Dr. Philip Coons, a professor emeritus at Indiana University School of Medicine specializing in post-traumatic stress disorders, terms Bairds murderous eruption "the perfect storm."

Baird, Coons said, had been sexually molested as a child and developed mental illnesses that included delusions and obsessive-compulsive disorder. At the time of the murders, he was under stress, heard voices and felt possessed.

Police said Baird confessed, telling them he'd gone "berserk." He also said he was going to get $1 million from the federal government for solving the national debt. He was in debt himself and had been laid off from a factory job.

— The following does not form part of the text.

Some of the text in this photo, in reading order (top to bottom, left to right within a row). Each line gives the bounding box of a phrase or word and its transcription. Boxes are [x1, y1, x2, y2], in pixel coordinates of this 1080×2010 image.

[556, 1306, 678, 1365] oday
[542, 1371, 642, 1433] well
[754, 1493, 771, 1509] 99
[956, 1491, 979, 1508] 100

Coons' analysis gives us a reason for Bairds horrific actions, but it does not excuse the crime. No, Coons' analysis should lead Hoosiers to one question: What is the value in putting a mentally ill man to death?
Nothing.

Even the "justice for the family" defense often used by death penalty supporters doesn't work here. LaQuita Anglin, Nadine Bairds sister, said Bairds parents would not want him to die. Neither would she. "He is no harm to anyone in prison," she told the board.

Daniels should also consider the words of Robert Elmore, a juror who voted to convict Baird: "I think if there had been life without parole," he told the board, "I think we would have chosen that." The state did not offer that sentence until 1994, several years after Baird's trial.

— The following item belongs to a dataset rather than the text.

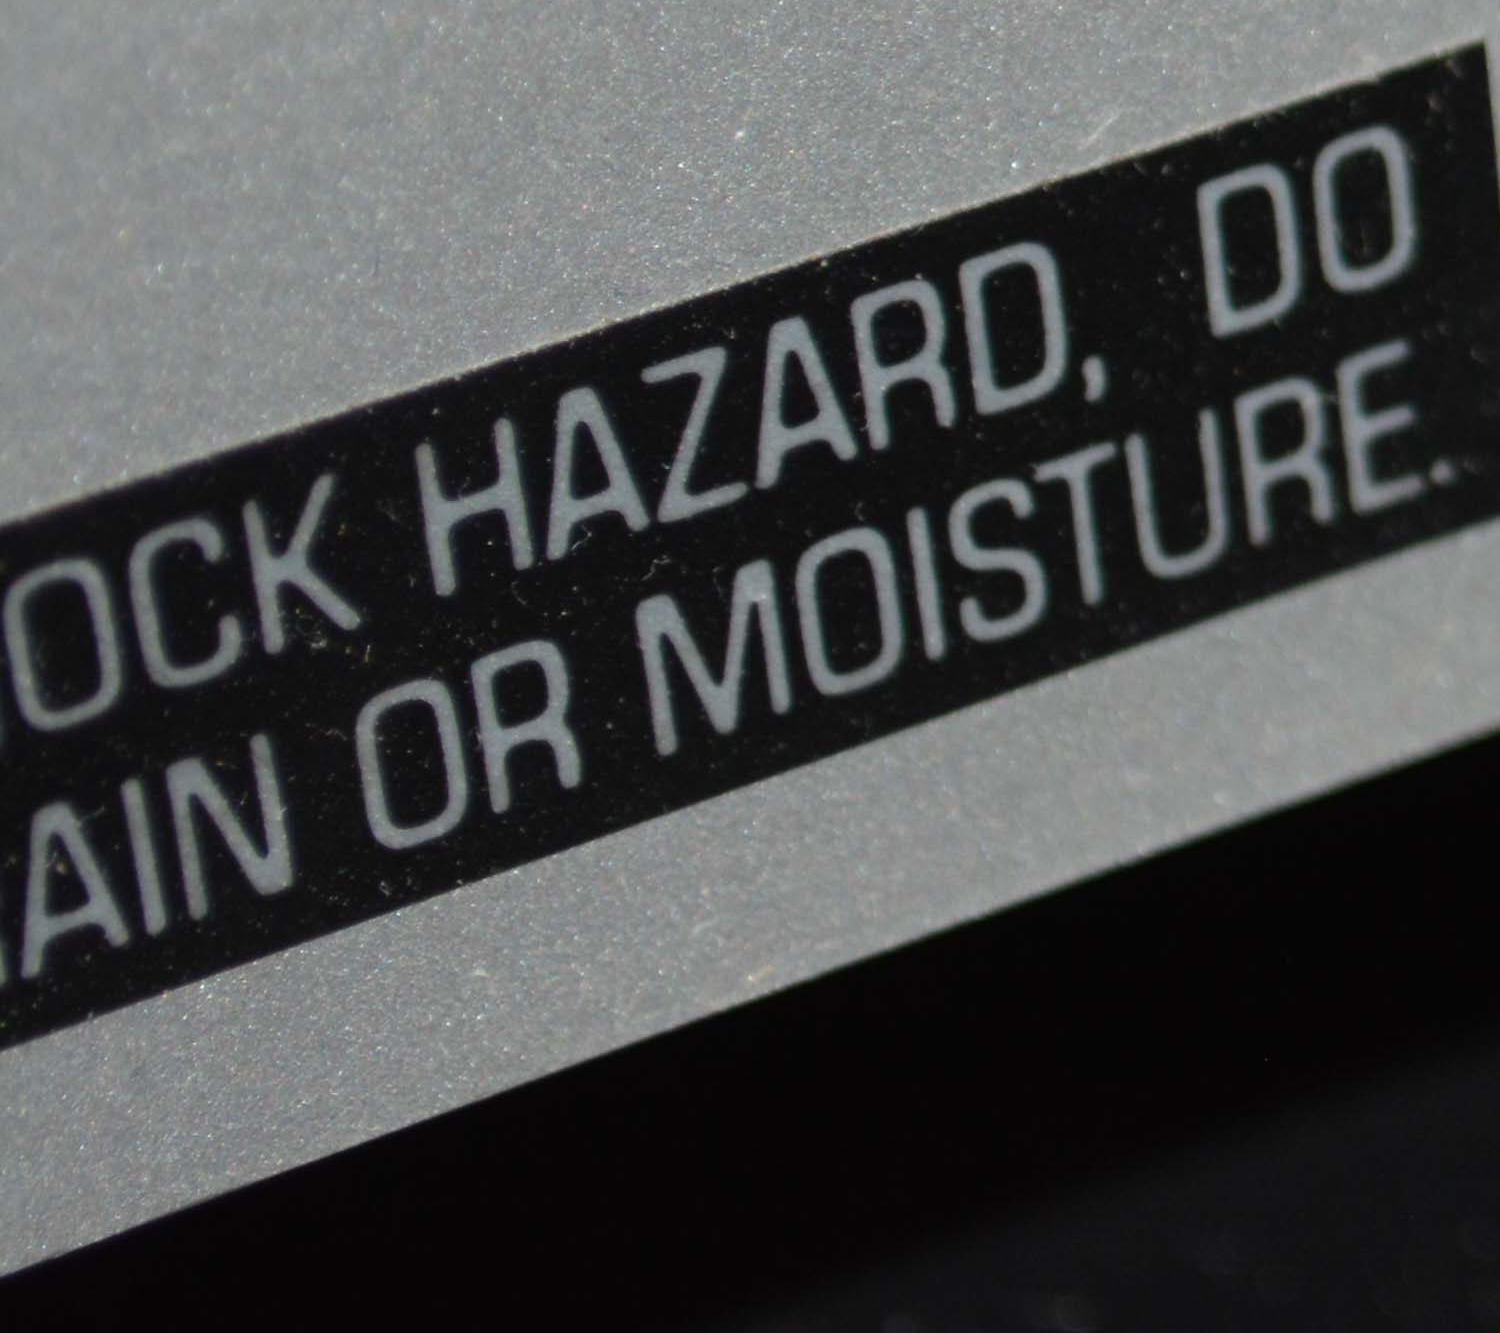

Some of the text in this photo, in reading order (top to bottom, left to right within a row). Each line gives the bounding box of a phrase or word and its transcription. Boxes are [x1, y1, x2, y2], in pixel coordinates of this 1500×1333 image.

So, a noted professor, a family member and a juror have compelling reasons why they think Baird deserves life in prison rather than death.

This is the one, governor.

Friday, August 26, 2005

September executions

September is shaping up to be a month in which a number of "bad" execution dates are scheduled. (Well...as opposed to the "nice" ones. Of course, we believe that every execution date is bad!)

What I mean is this:

Two dates have been set involving people with very credible claims of innocence. They are Frances Newton, who is scheduled for execution Sept. 14 in Texas, and John Spirko, who is scheduled for execution Sept. 20 in Ohio. For more information about these cases, please see www.freefrances.org and www.johnspirko.com

In addition, Michael Lynn Riley, scheduled for execution in Texas Sept. 22, has an unusually strong claim of mental retardation. Next week, we'll have an alert up on NCADP's web site talking about his case.

Tuesday, August 23, 2005

Outspoken in Alabama

We've blogged before on Project Hope to Abolish the Death Penalty, the Alabama-based group and NCADP affiliate.

Recently an Alabama newspaper published a great feature story on the group's leader, tireless Esther Brown, one of the leaders in the trenches of the abolition movement. Here's a snippet:

Lanett woman battles against death penalty
Opelika-Auburn News

Esther Brown has always been an outspoken woman.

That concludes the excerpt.